Hi! Happy to hear the REL tutorial was useful to you
The REL tutorial was meant as an example for implementing your own custom trainable component from scratch, and I think the provided implementation for relation extraction should really be taken as a baseline to start from. I can imagine a realistic application would benefit from additional features or a more complex network architecture.

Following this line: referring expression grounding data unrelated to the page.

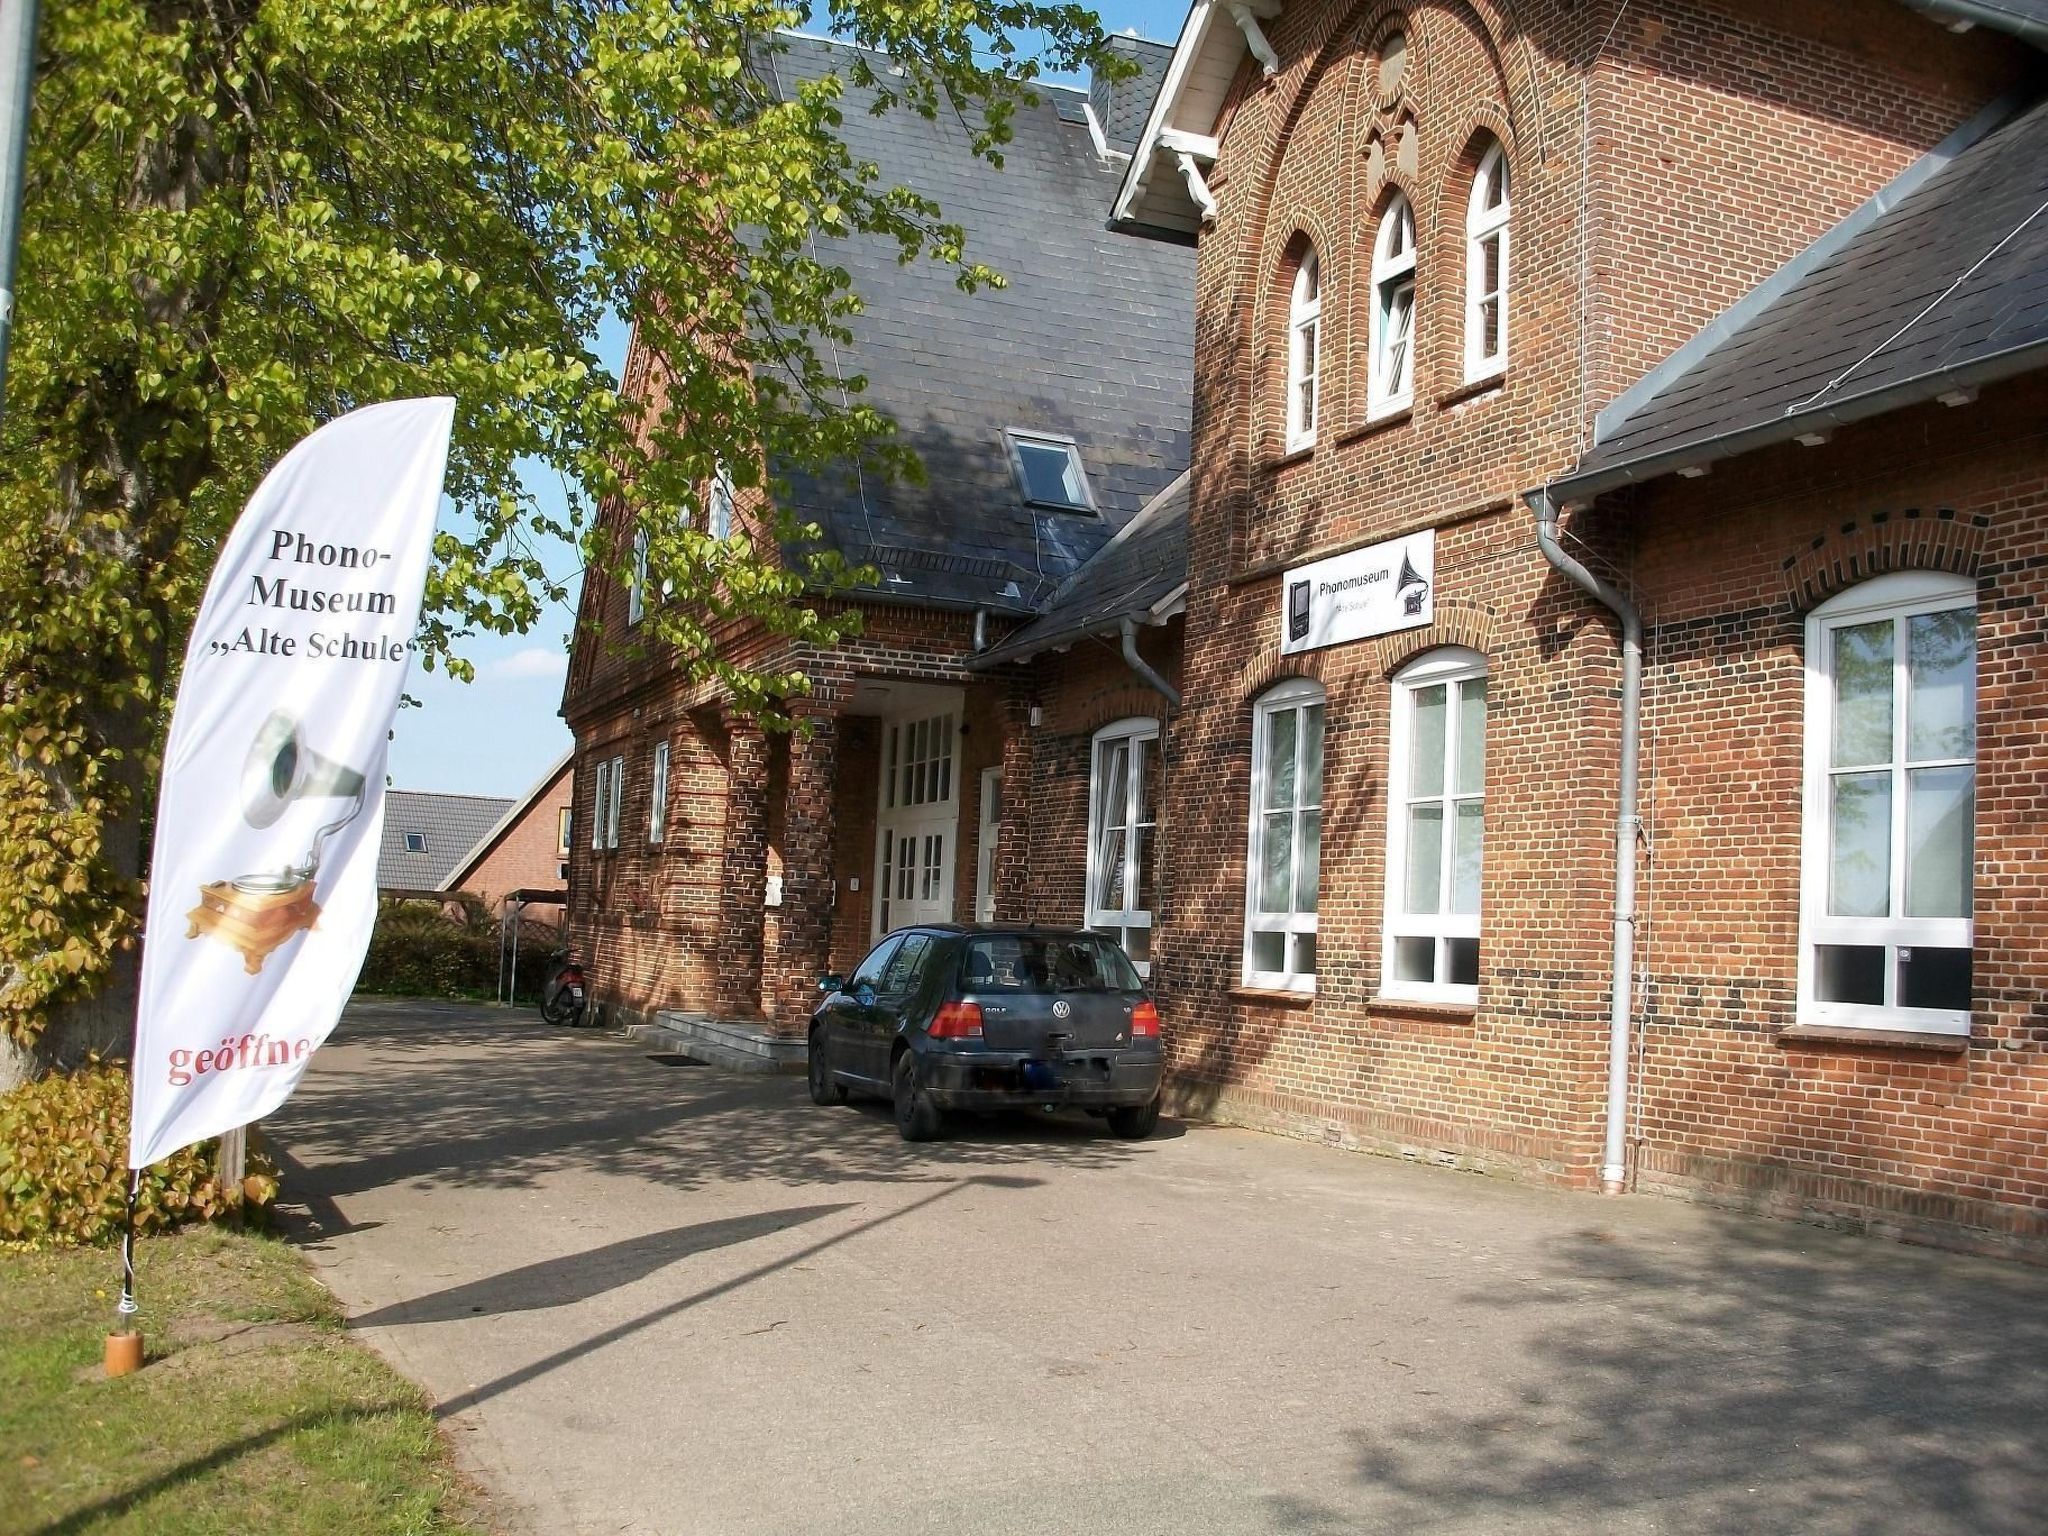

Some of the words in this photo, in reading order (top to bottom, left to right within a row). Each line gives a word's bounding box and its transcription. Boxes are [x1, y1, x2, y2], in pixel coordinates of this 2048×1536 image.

[268, 529, 392, 569] Phono-
[247, 575, 396, 614] Museum
[1319, 569, 1389, 597] Phonomuseum
[168, 1033, 315, 1087] geöffne
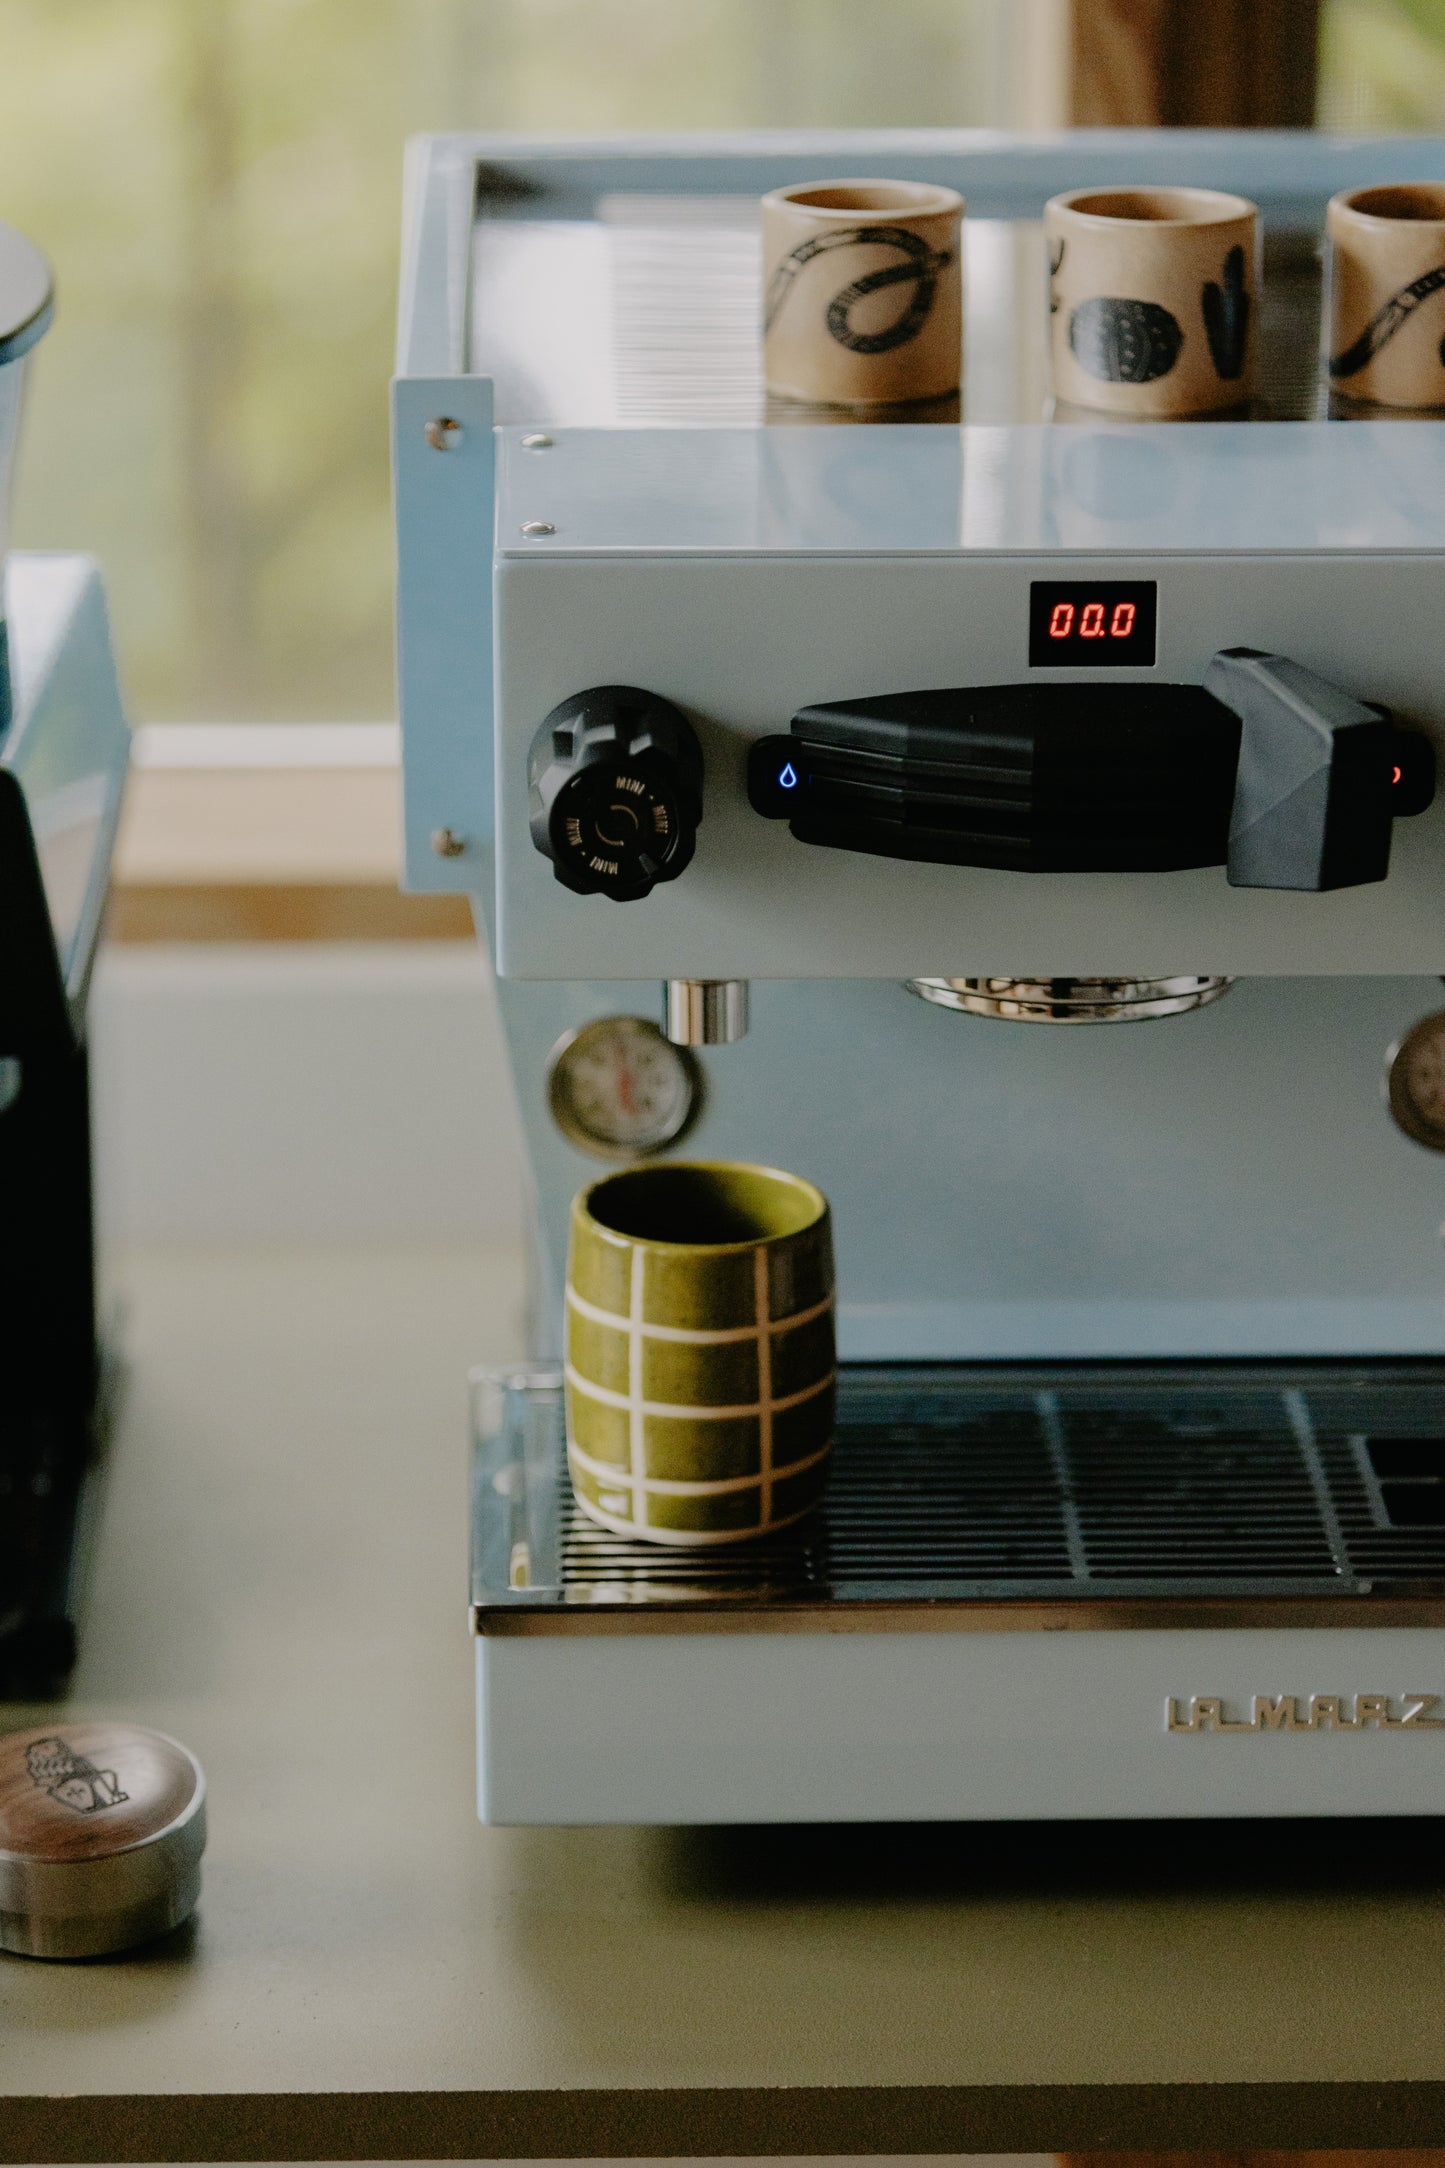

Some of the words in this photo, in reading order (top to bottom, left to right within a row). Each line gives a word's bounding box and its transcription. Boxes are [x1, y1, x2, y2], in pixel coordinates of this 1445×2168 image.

[1050, 603, 1136, 637] 00.0
[616, 776, 645, 795] MINI
[590, 856, 618, 875] MINI
[1164, 1696, 1223, 1732] LA

That said - you can take the code from the example project and construct a config file that refers to the relation extraction component and the NER at the same time. You can extend the provided config with an NER component. If you need inspiration on how to define the NER component, you can run python -m spacy init config -p "ner" ner_config.cfg
and merge that config with the REL one, so you'd have a pipeline including tok2vec
, ner
and relation_extractor
. You can decide whether they should share the same tok2vec
layer or not.
If you feed in data that has both named entities annotated as well as the relations, it should train both simultaneously. You'll need to use the -c
flag on the train
command to make sure the custom functions and architectures from the REL code are imported, because these are not built-in in spaCy. In the example project, this is accomplished by doing -c custom_functions.py
.
To define your training data, you could follow the same conventions as the REL example project and store the information in the custom attribute doc._.rel
, cf here: projects/parse_data.py at v3 ยท explosion/projects ยท GitHub. After creating the appropriate Doc
objects with the gold-standard data (entities + relations), you can serialize them to file with DocBin
to create the binary .spacy
files that you can feed into the spacy train
command.
I think that's pretty much the general overview. Let me know if you run into specific issues!